From the line containing "this 1181×1772 image." to the last line of the records, reproduce every line exactly and print nothing else.

------ DATA PROVIDED ------

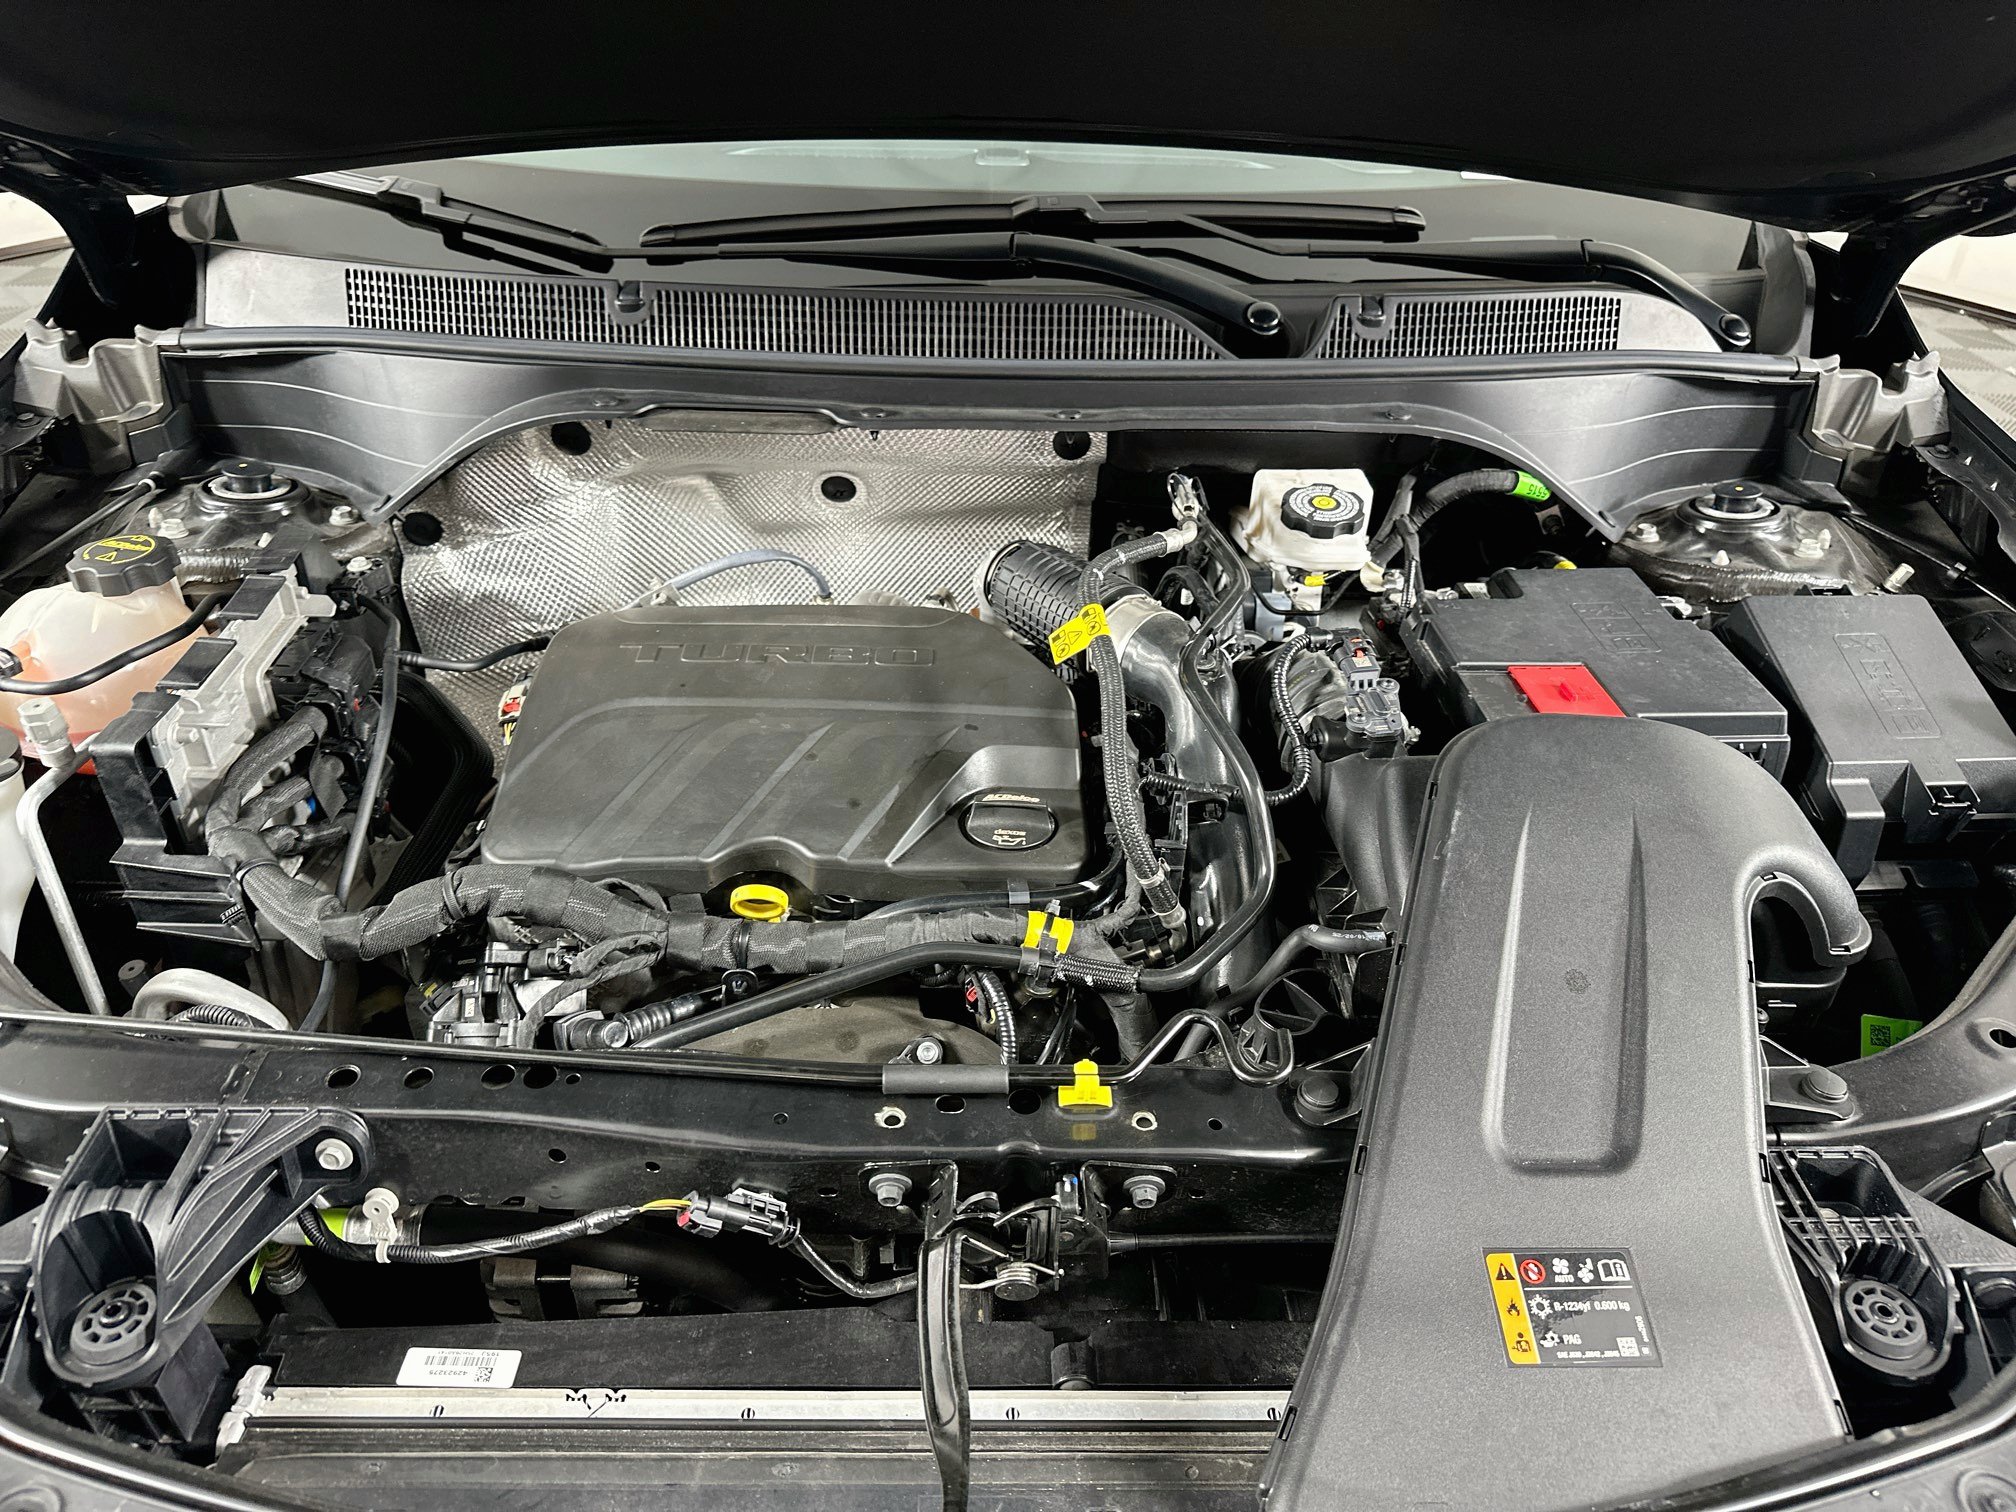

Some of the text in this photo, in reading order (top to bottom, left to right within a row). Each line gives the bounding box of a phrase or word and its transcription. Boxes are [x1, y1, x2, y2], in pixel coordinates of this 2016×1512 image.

[619, 643, 935, 667] TURBO
[1554, 1274, 1575, 1283] AUTO
[1553, 1300, 1631, 1313] R-1234yf 0.600 kg
[1562, 1333, 1582, 1345] PAG
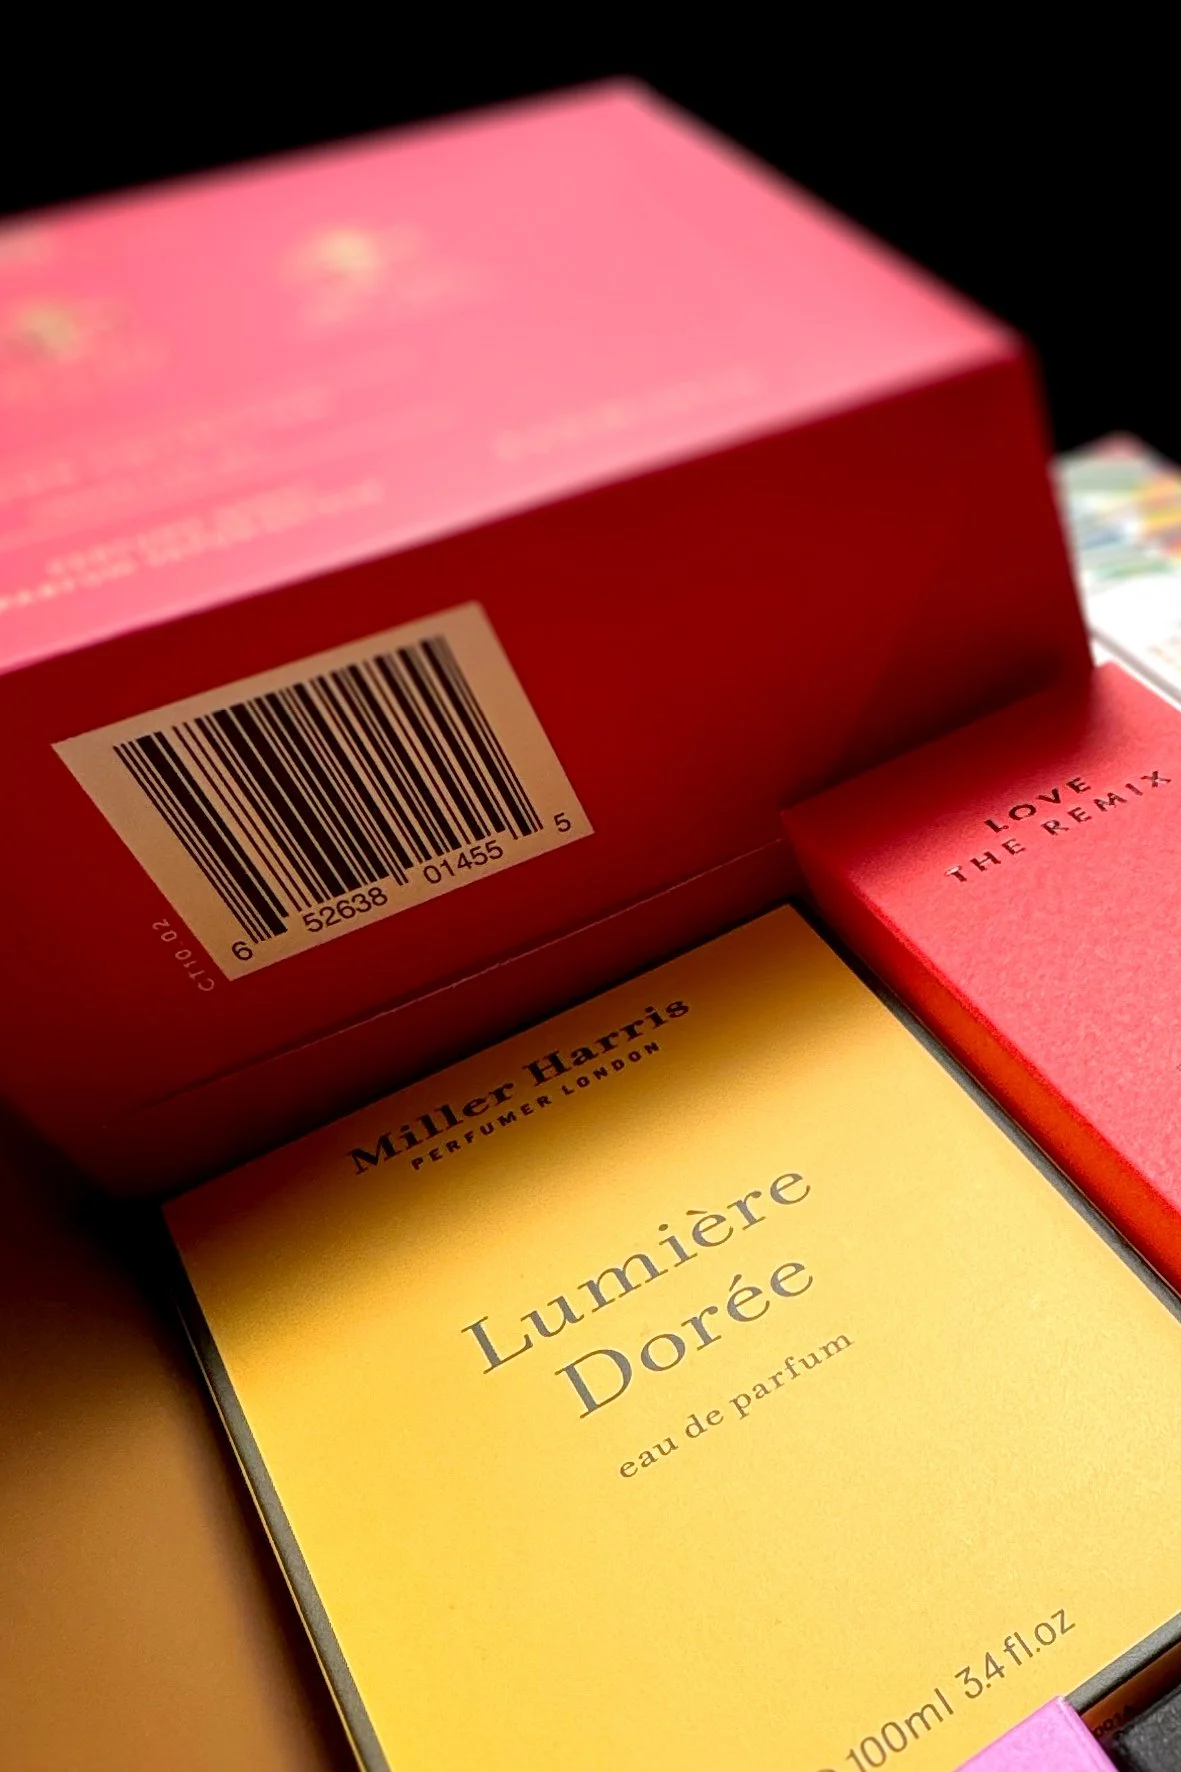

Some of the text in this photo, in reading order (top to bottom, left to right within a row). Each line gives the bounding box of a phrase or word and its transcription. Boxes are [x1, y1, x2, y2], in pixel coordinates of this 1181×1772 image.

[945, 770, 1171, 882] THE REMIX
[984, 777, 1091, 833] LOVE
[231, 812, 571, 962] 6 52638 01455 5
[348, 1000, 689, 1176] Miller Harris
[411, 1041, 660, 1170] PERFUMER LONDON
[460, 1172, 811, 1374] Lumière
[554, 1261, 813, 1419] Dorée
[619, 1331, 855, 1479] eau de parfum
[845, 1687, 955, 1772] 100ml

------

▸ RESPONSE AREA
Some of the text in this photo, in reading order (top to bottom, left to right within a row). Each line gives the bounding box of a phrase or word and its transcription. Boxes are [x1, y1, x2, y2], in pixel coordinates of this 1181×1772 image.

[945, 770, 1171, 882] THE REMIX
[984, 777, 1091, 833] LOVE
[231, 812, 571, 962] 6 52638 01455 5
[348, 1000, 689, 1176] Miller Harris
[411, 1041, 660, 1170] PERFUMER LONDON
[460, 1172, 811, 1374] Lumière
[554, 1261, 813, 1419] Dorée
[619, 1331, 855, 1479] eau de parfum
[845, 1687, 955, 1772] 100ml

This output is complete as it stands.